Why You Should Wait Until The Last Minute To Shuck Corn On The Cob

Fresh sweet corn on the cob and summer are synonymous. It's difficult to imagine one without the other. In fact, according to the United States Department of Agriculture, corn was the largest crop farmers grew in the U.S. in 2019. It makes sense when you realize corn is native to North America, originating in Mexico 7,000 years ago, per North Dakota State University. Statista reports that Americans consume more corn than any other country, with individuals eating an average of 4.7 pounds of this vegetable in 2020. 

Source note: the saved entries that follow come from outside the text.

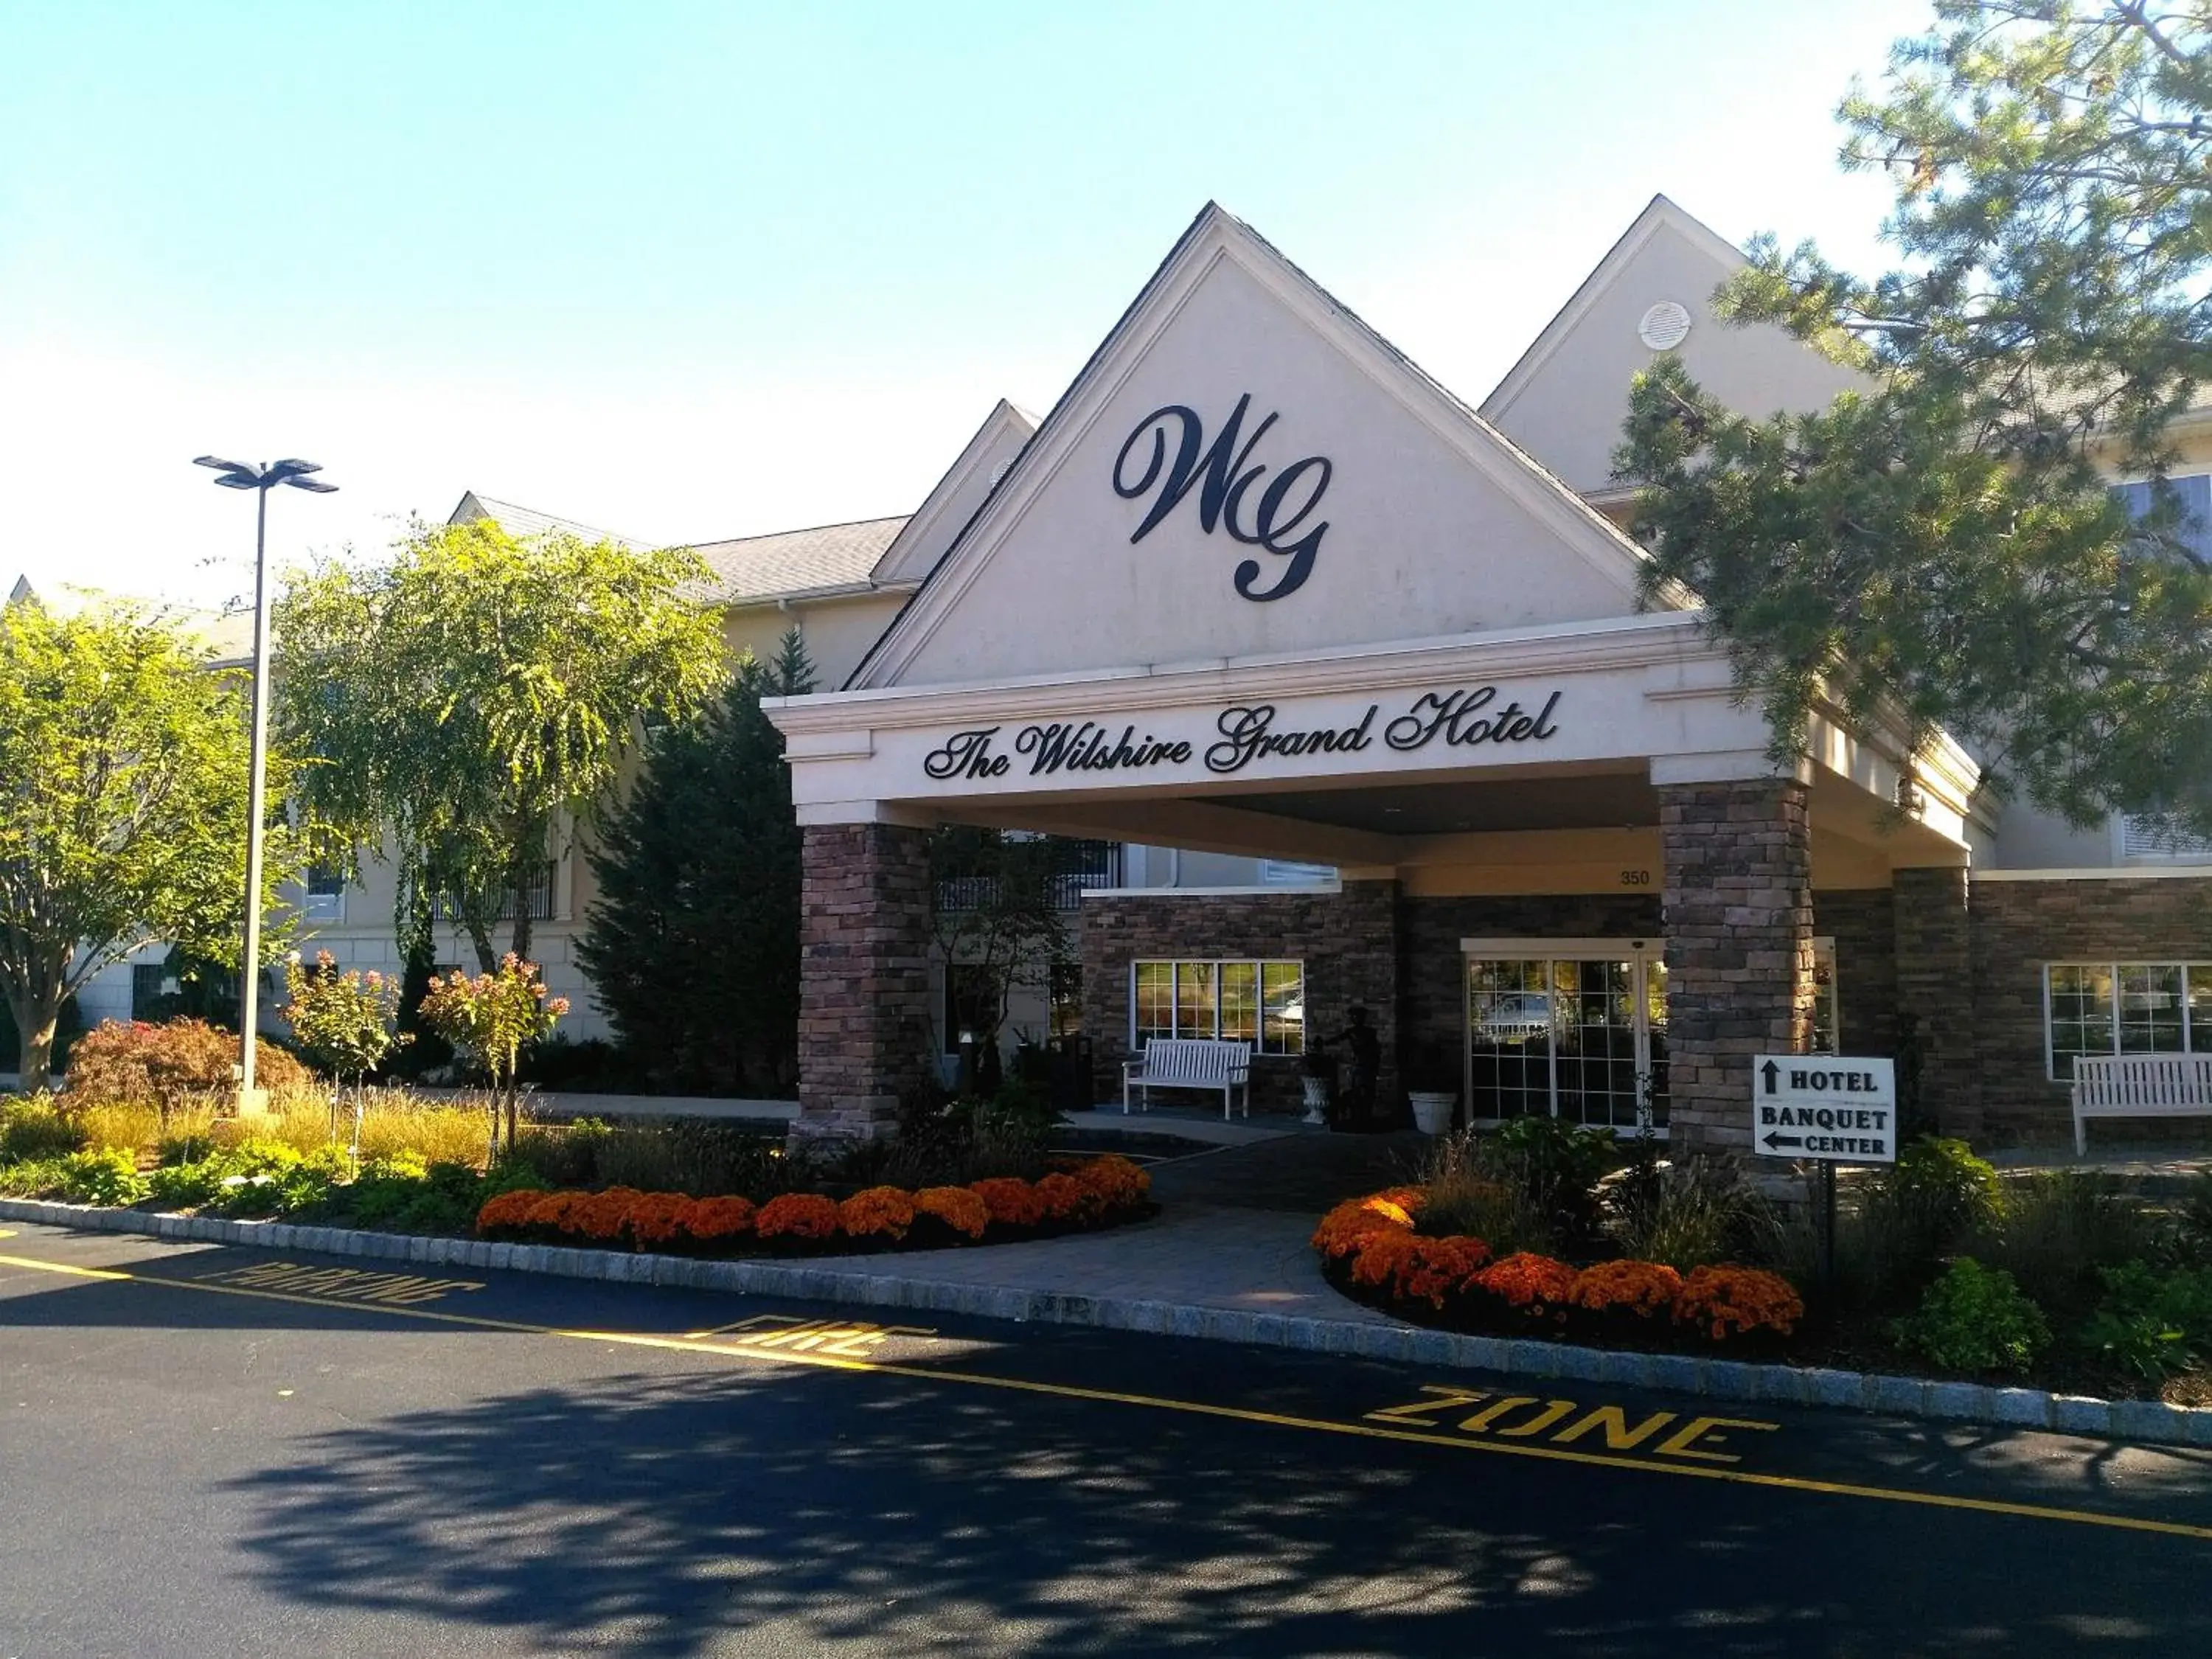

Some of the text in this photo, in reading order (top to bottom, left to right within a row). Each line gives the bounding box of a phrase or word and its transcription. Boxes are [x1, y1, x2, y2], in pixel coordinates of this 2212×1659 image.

[924, 686, 1562, 780] The Wilshire Grand Hotel
[1620, 870, 1650, 886] 350
[1790, 1070, 1878, 1092] HOTEL
[1761, 1107, 1888, 1130] BANQUET
[1805, 1135, 1885, 1155] CENTER
[683, 1314, 939, 1356] FIRE
[1362, 1385, 1781, 1463] ZONE

There is nothing like fresh corn on the cob. Whether you buy it at the grocery store or at a roadside stand in the country, you know your pearly whites are going to be chomping on it like a typewriter, enjoying every last kernel. Sure, this food that grows on a stalk sparks lots of conversations about the right way to eat corn on the cob, but if you are like most of us, you've already decided the best way to eat it, and that's however you enjoy it most. Coated in butter, roasted and served Mexican street style with mayo, cotija cheese, and chili powder, grilled, or even in a salad, corn on the cob is best however your heart and appetite desire. But when it comes time to shuck your ears of corn, you are going to want to wait until the last minute, and here's why.

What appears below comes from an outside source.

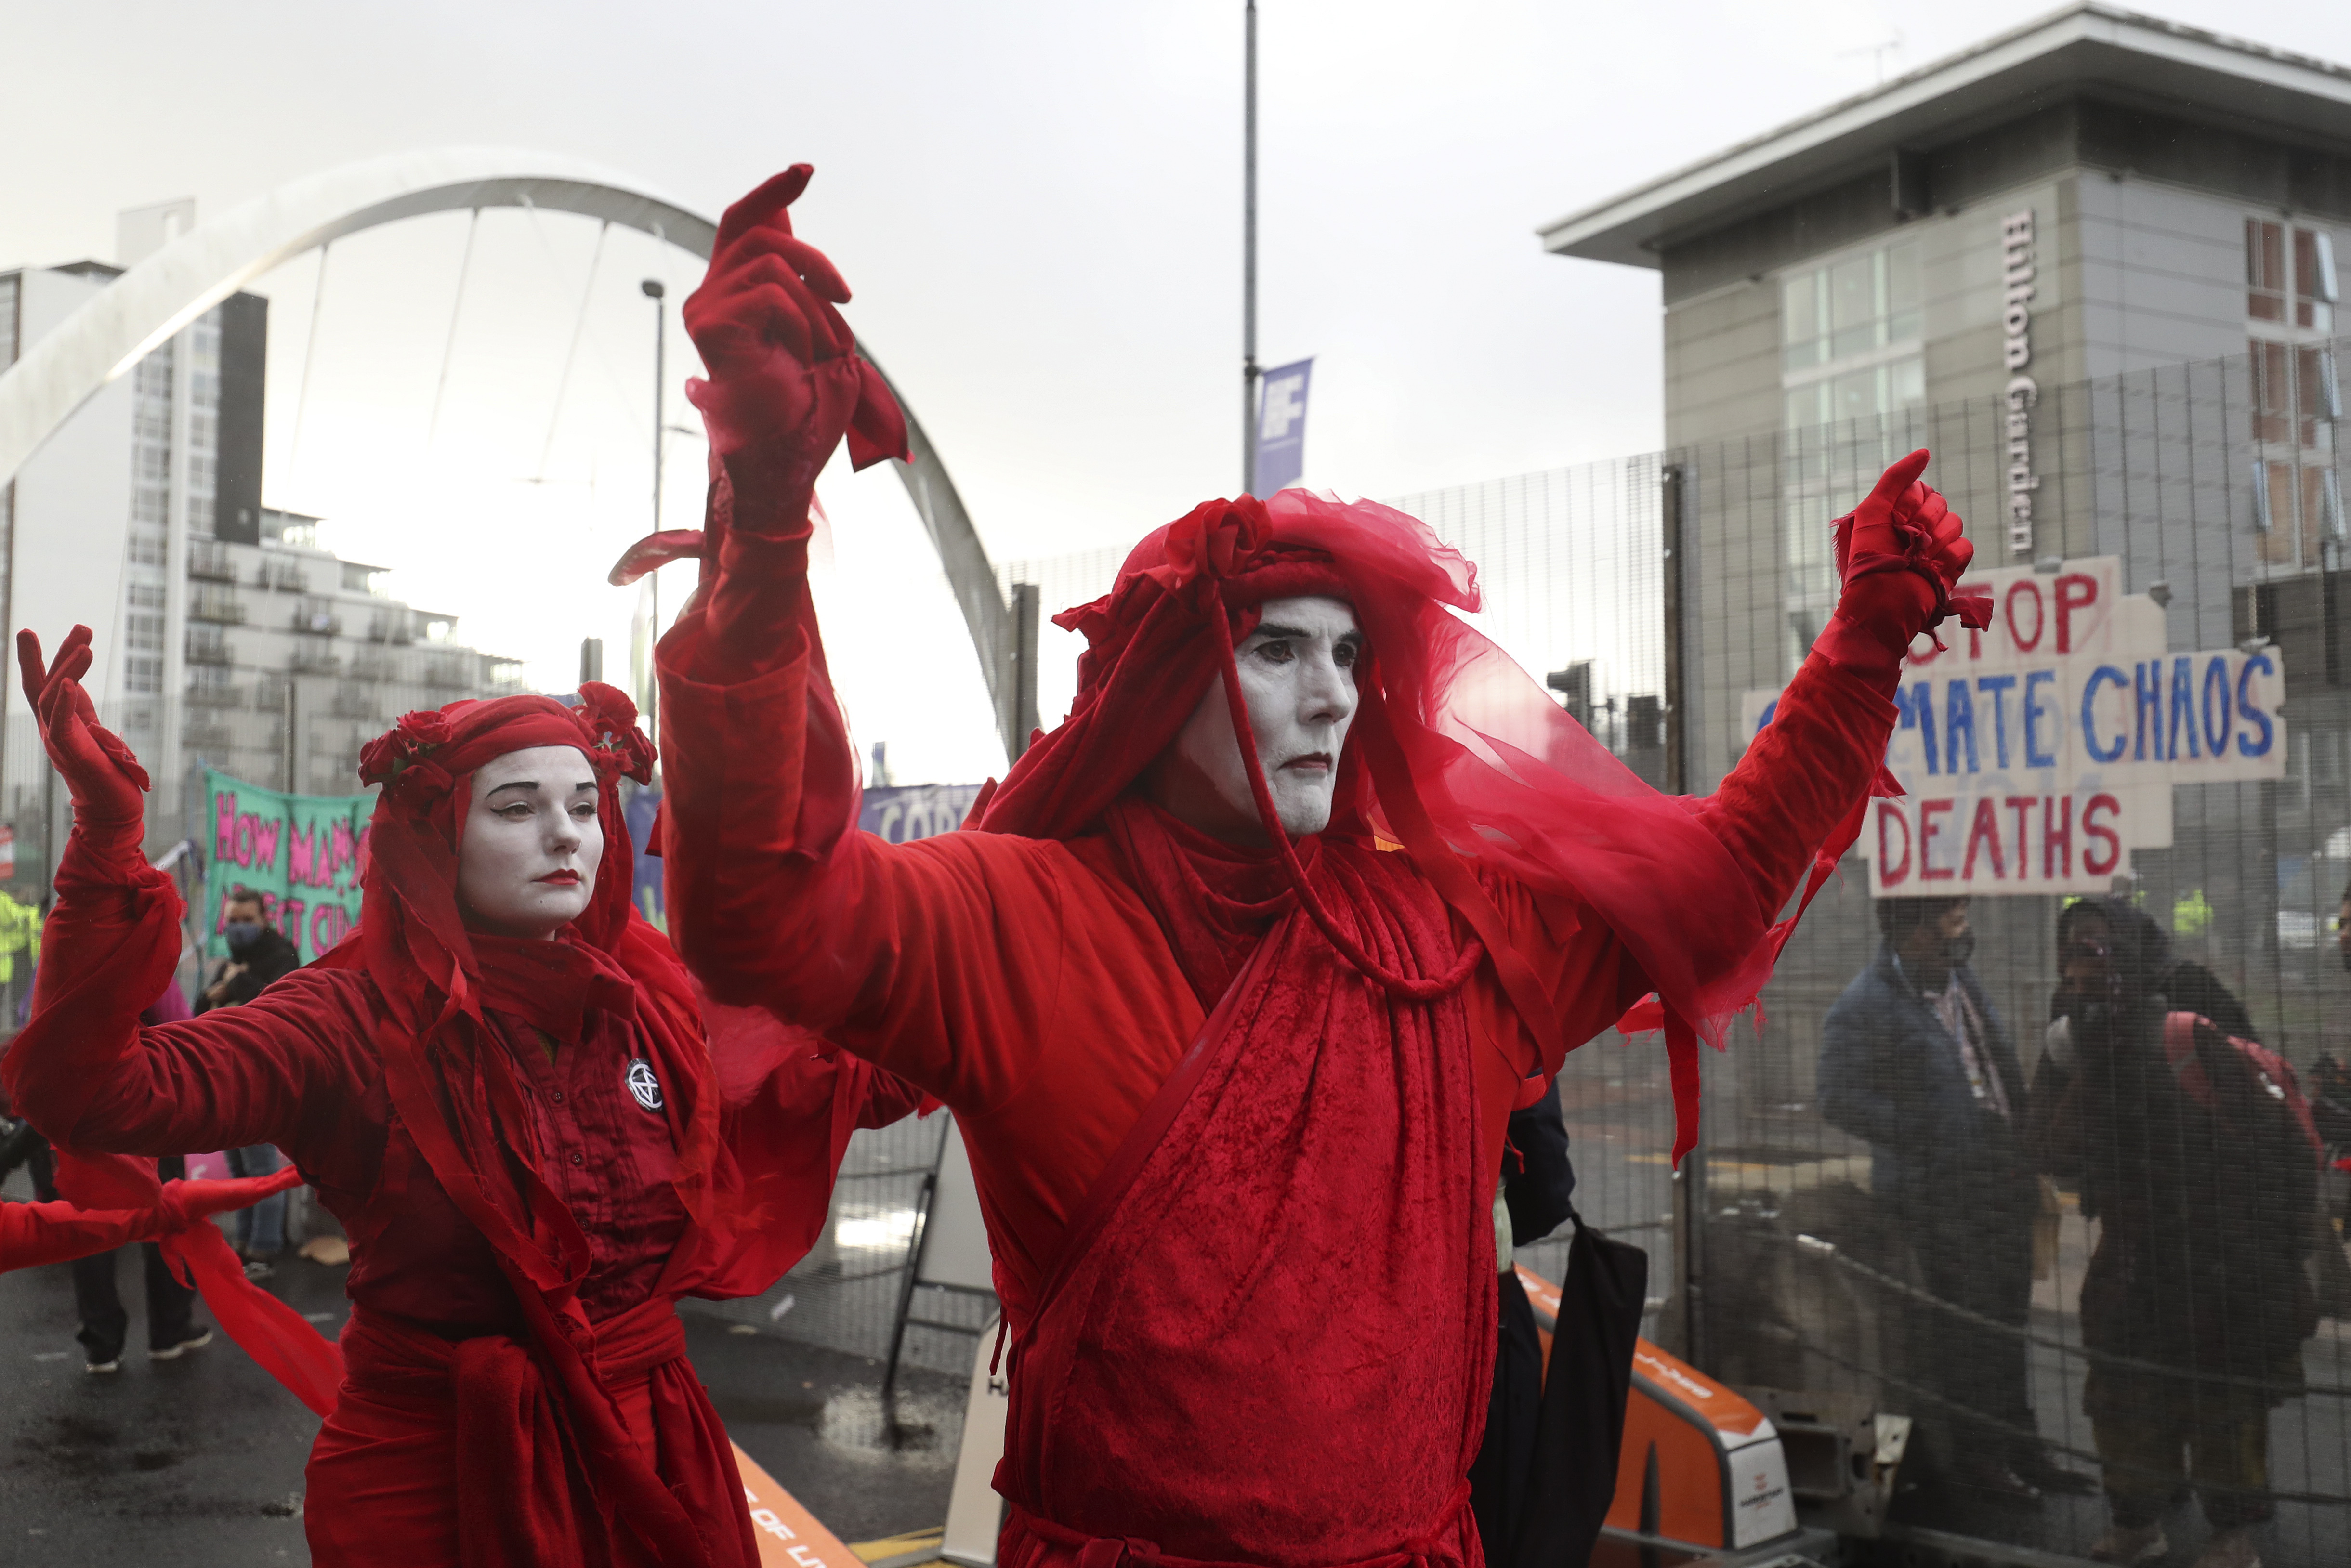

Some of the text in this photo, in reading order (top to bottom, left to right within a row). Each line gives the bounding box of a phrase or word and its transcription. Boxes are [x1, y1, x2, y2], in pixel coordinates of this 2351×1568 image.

Shucking at the last minute locks in moisture

If you find yourself tempted to buy already peeled corn on the cob or to shuck it at the store, stop yourself. It's not the best idea. According to Bon Appetit, if you are cooking up some corn on the cob, you want to wait until the last minute before you begin the job of shucking it and removing the husk and silk for one simple reason: You don't want your corn to dry out. Taste of Home seconds this approach, noting that if you aren't going to be eating your corn the day you purchased it, you want to store your corn on the cob in your refrigerator to really lock in that sweet flavor. They also explain that if you find your corn doesn't fit in your fridge, you can try and remove some of the leaves, but not all.

When you are ready to use it, what's the right way to shuck corn? Many people will tell you the easiest way involves using the microwave, but if you don't want to do that, you can simply do it the old-fashioned way: by hand. Remove the leaves and the silk, use a vegetable brush to get rid of any silk that might be left behind, wash it down, and you are in business (via Meiko and the Dish).